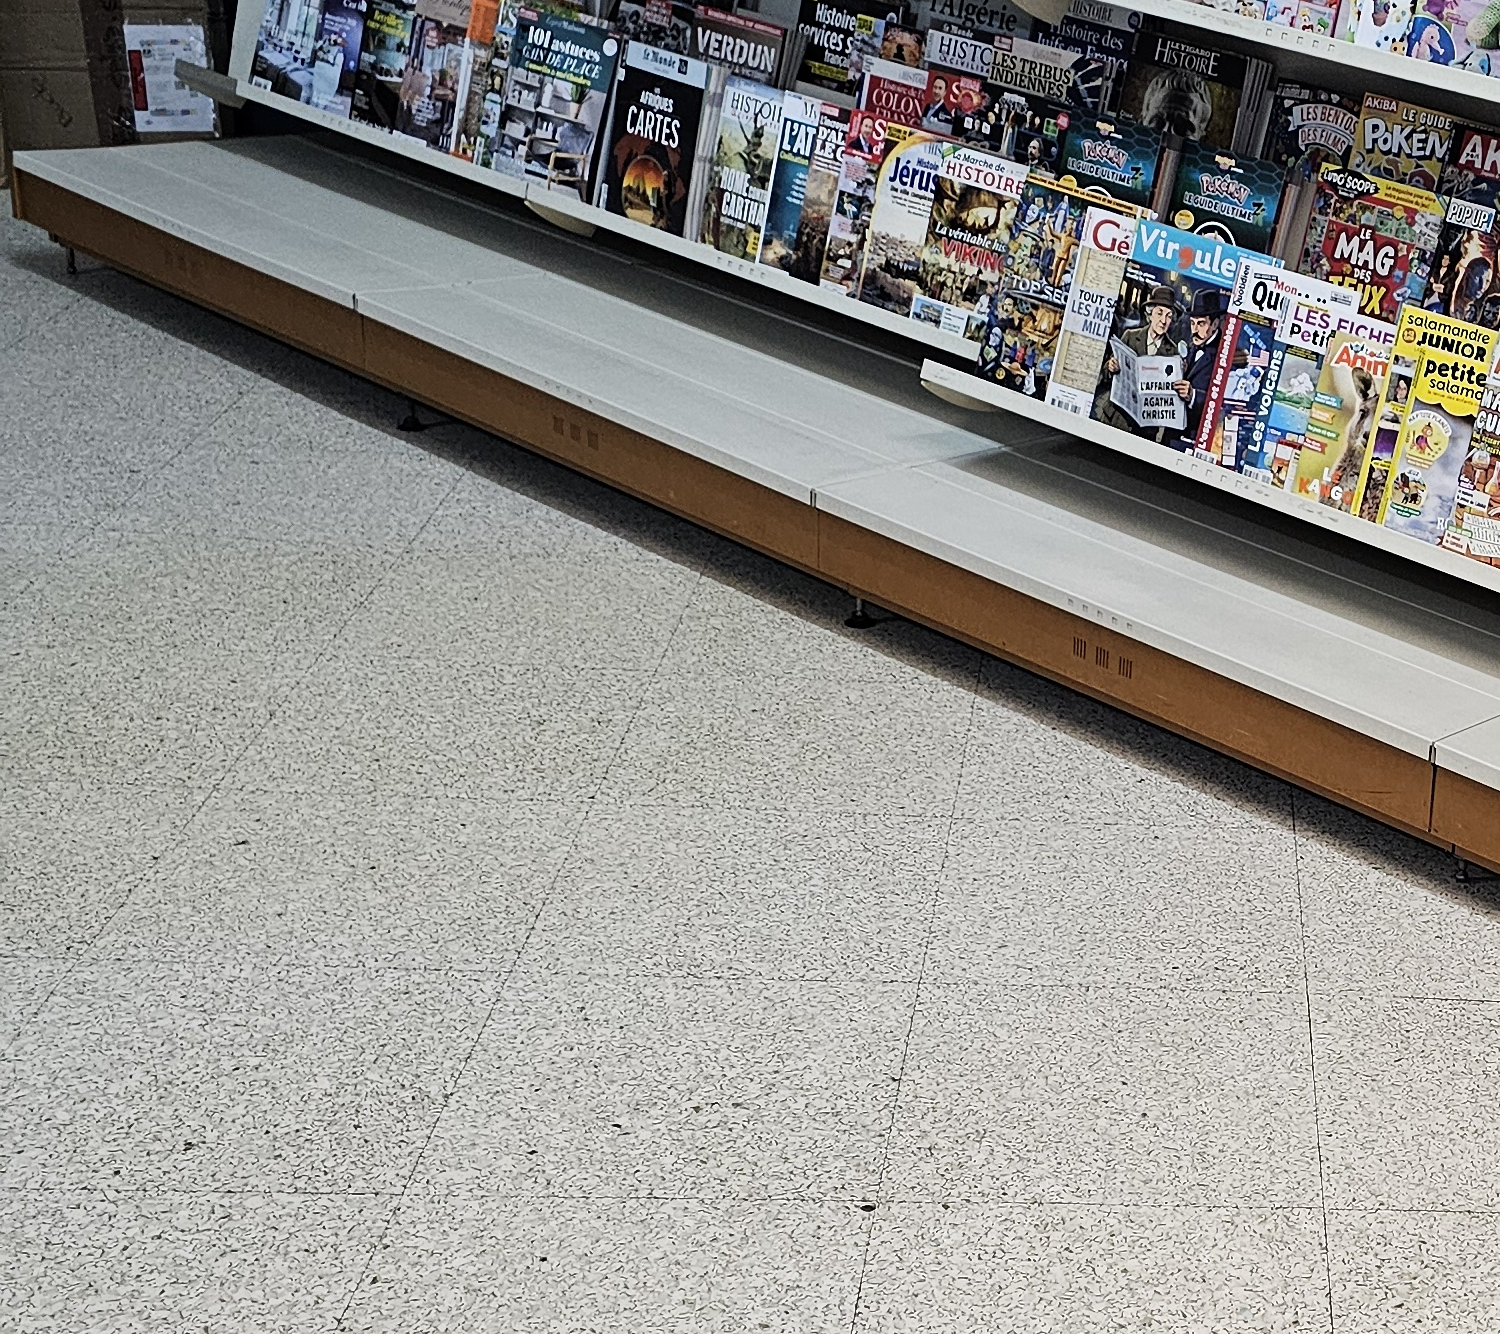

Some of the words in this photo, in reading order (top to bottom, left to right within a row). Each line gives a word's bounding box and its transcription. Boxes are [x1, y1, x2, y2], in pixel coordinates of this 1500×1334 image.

[551, 38, 601, 63] astuces
[697, 26, 777, 72] VERDUN
[988, 71, 1066, 99] INDIENNES
[1019, 56, 1072, 87] TRIBUS
[626, 107, 681, 150] CARTES
[1139, 226, 1238, 280] Virgule
[1333, 230, 1396, 272] MAG
[1405, 313, 1491, 345] salamandre
[1415, 334, 1487, 363] JUNIOR
[1140, 379, 1174, 392] L'AFFAIRE
[1258, 348, 1284, 417] volcans
[1423, 359, 1488, 392] petite
[1141, 408, 1176, 422] CHRISTIE
[1143, 396, 1174, 409] AGATHA

TASK STATEMENT — None of the pictures should be kept; reproduce all the remaining material exactly.

SOLUTION TO THIS EXERCISE —
Some of the words in this photo, in reading order (top to bottom, left to right within a row). Each line gives a word's bounding box and its transcription. Boxes are [x1, y1, x2, y2], in pixel coordinates of this 1500×1334 image.

[551, 38, 601, 63] astuces
[697, 26, 777, 72] VERDUN
[988, 71, 1066, 99] INDIENNES
[1019, 56, 1072, 87] TRIBUS
[626, 107, 681, 150] CARTES
[1139, 226, 1238, 280] Virgule
[1333, 230, 1396, 272] MAG
[1405, 313, 1491, 345] salamandre
[1415, 334, 1487, 363] JUNIOR
[1140, 379, 1174, 392] L'AFFAIRE
[1258, 348, 1284, 417] volcans
[1423, 359, 1488, 392] petite
[1141, 408, 1176, 422] CHRISTIE
[1143, 396, 1174, 409] AGATHA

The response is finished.